You can join academia for free and see it on there in full. I didn’t notice any problems with the PDF I looked at

TSH110 profile image
TSH110

Very interesting article. The fact that different antibodies seem associated with different symptoms makes me wonder why the antibodies are rarely tested for or taken seriously.

StitchFairy profile image
StitchFairy in reply to TSH110

Most medics don't think the type or number of thyroid antibodies matter because the treatment is the same regardless. Prescribe levo. Job done. If patient says job not done, prescribe antidepressants.

TSH110 profile image
TSH110 in reply to StitchFairy

You nailed it there. Let’s hope over time their significance might become of greater relevance to the medical profession and trickle down to better understanding and treatment protocol…. but so far so bad, I’d say.

shaws profile image
shawsAdministrator in reply to StitchFairy

You may be fortunate to be diagnosed and given some type of medication.

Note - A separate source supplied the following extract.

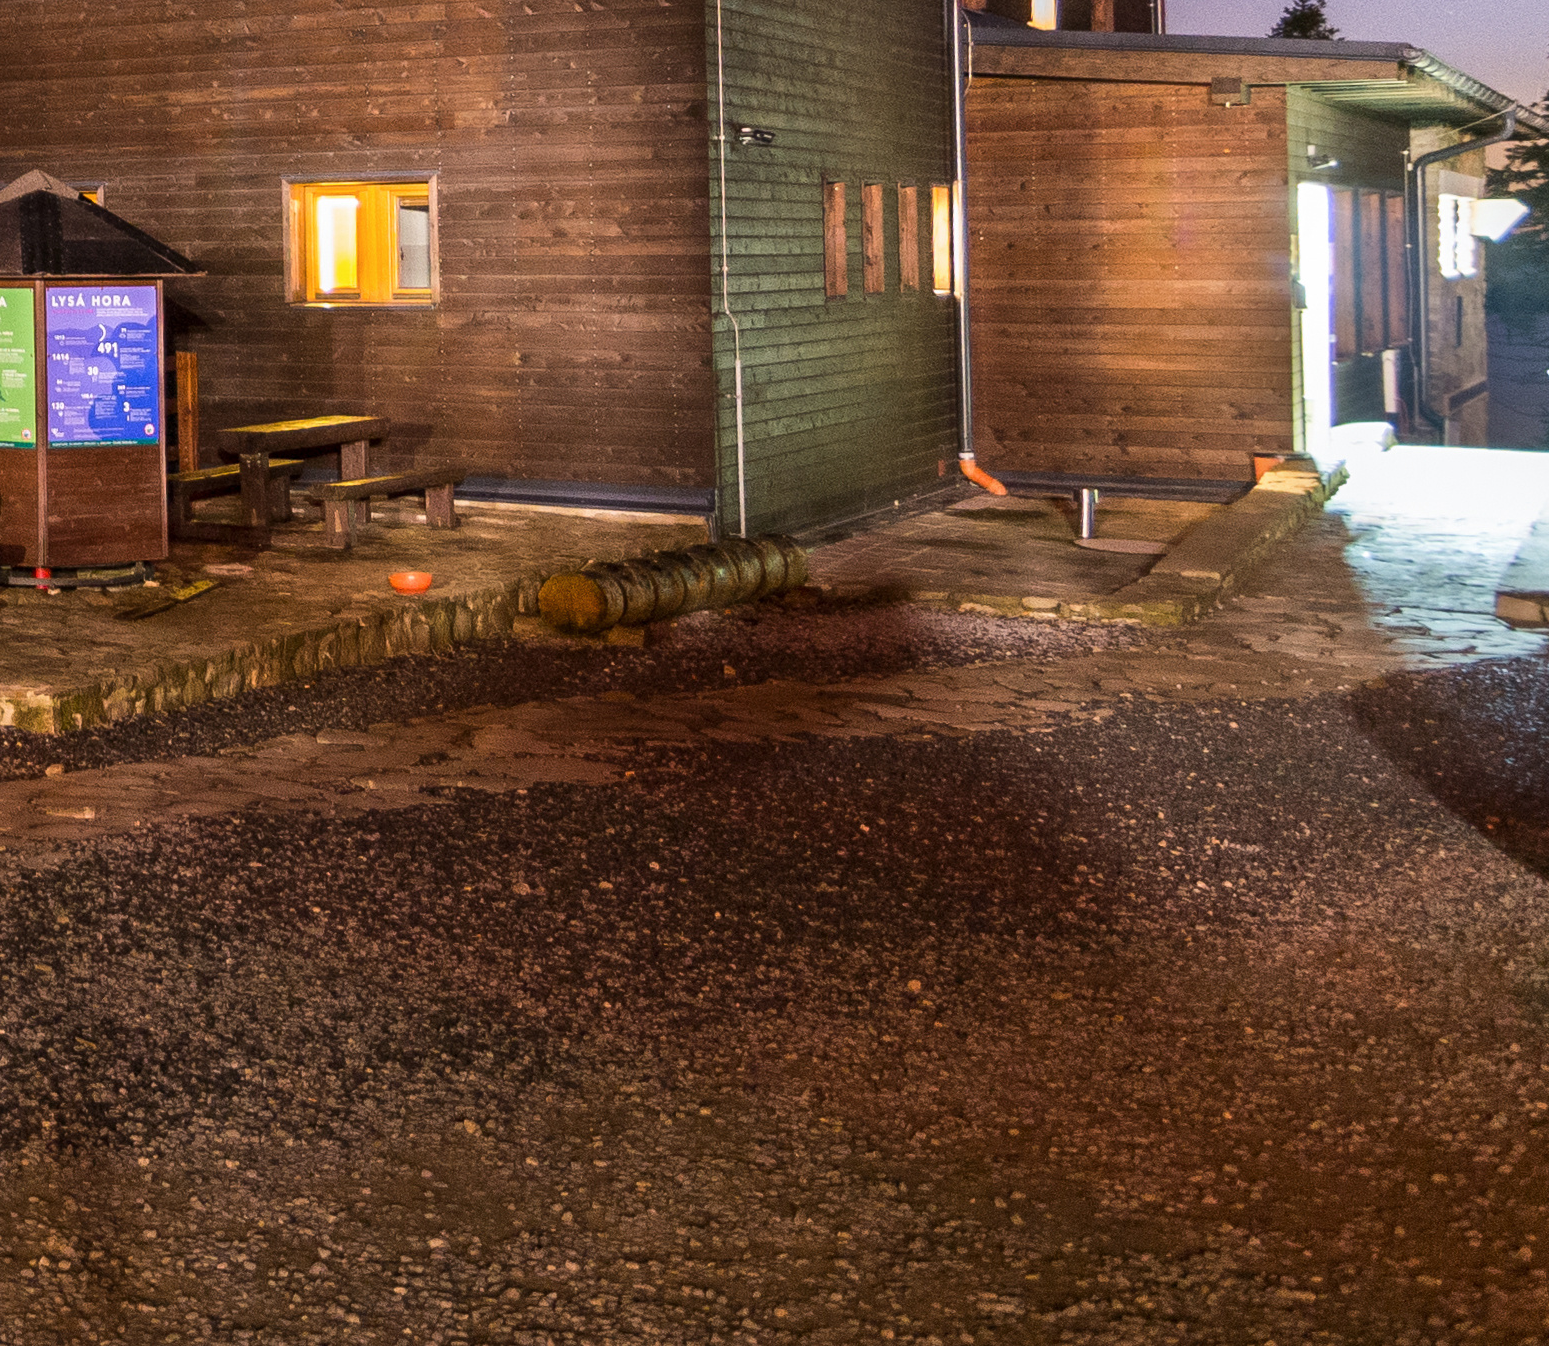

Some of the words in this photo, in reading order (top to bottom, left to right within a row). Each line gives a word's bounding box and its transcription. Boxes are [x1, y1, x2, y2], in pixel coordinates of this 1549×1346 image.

Others, remain undiagnosed but unwell. No investigations as the assumption is the patient is a hypochondriac. (my personal experience).

It's thanks to finding Thyroiduk before this forum that helped me immensley. It comes as a relief when you find someone/or a forum where questions are very similar to what our own questions would be.

Timetraveler67 profile image
Timetraveler67

I have fibro, cfs m.e. I first got diagnosed in 1999. I lost everything and everyone to this disease that Drs say doesn’t exist. I now have autoimmune thyroid disease and on levo . I’m still struggling with my thyroid and getting no help from Drs.

TSH110 profile image
TSH110 in reply to Timetraveler67

Yes it’s scandalous, but it’s great that you are here and can get support from the forum and not feel totally alone with such awful disorders.

Timetraveler67 profile image
Timetraveler67 in reply to TSH110

Yes and I’m so very grateful to you and everyone here, I really am. thank you for understanding x

TSH110 profile image
TSH110 in reply to Timetraveler67

A lot of us have been to hell and back, our symptoms dismissed or looked at in complete isolation, family histories ignored, offered antidepressants which were completely inappropriate. I was convinced I was a hypochondriac and let myself become so ill I nearly died. You couldn’t think it was happening in this day and age, but it is far too common. This site and the people on it helped me get my life back and start to better understand my condition and take control of my health. I used to feel so helpless and utterly alone struggling to get from day to day, it’s was awful. I feel so much better now, my life is worth living again.

stiltzski profile image
stiltzski in reply to TSH110

I am so sorry to hear that TSH110. It’s awful that you got to that nadi but I am glad that things have improved now.

shaws profile image
shawsAdministrator in reply to TSH110

It is despicable that people aren't listened to with sympathy and concern. That would make such a difference to us, the patients.

TSH110 profile image
TSH110 in reply to shaws

No one was actually directly unpleasant to me. I think they were plain ignorant about thyroid disease and it was easier to blame symptoms on something they had a little more knowledge of but a little bit of knowledge is a very dangerous thing I was to discover to my great detriment. Incorrect diagnosis did the NHS and me no favours at all.

stiltzski profile image
stiltzski in reply to Timetraveler67

I was diagnosed with all those too years ago and it took a visit to the dear and much-lamented Dr Skinner to get a under-active thyroid diagnosis which has never been accepted by any GP since. I am now a full-time carer to my OH who has Parkinson’s and am really struggling with symptoms (on Erfa which I think may be part of the problem).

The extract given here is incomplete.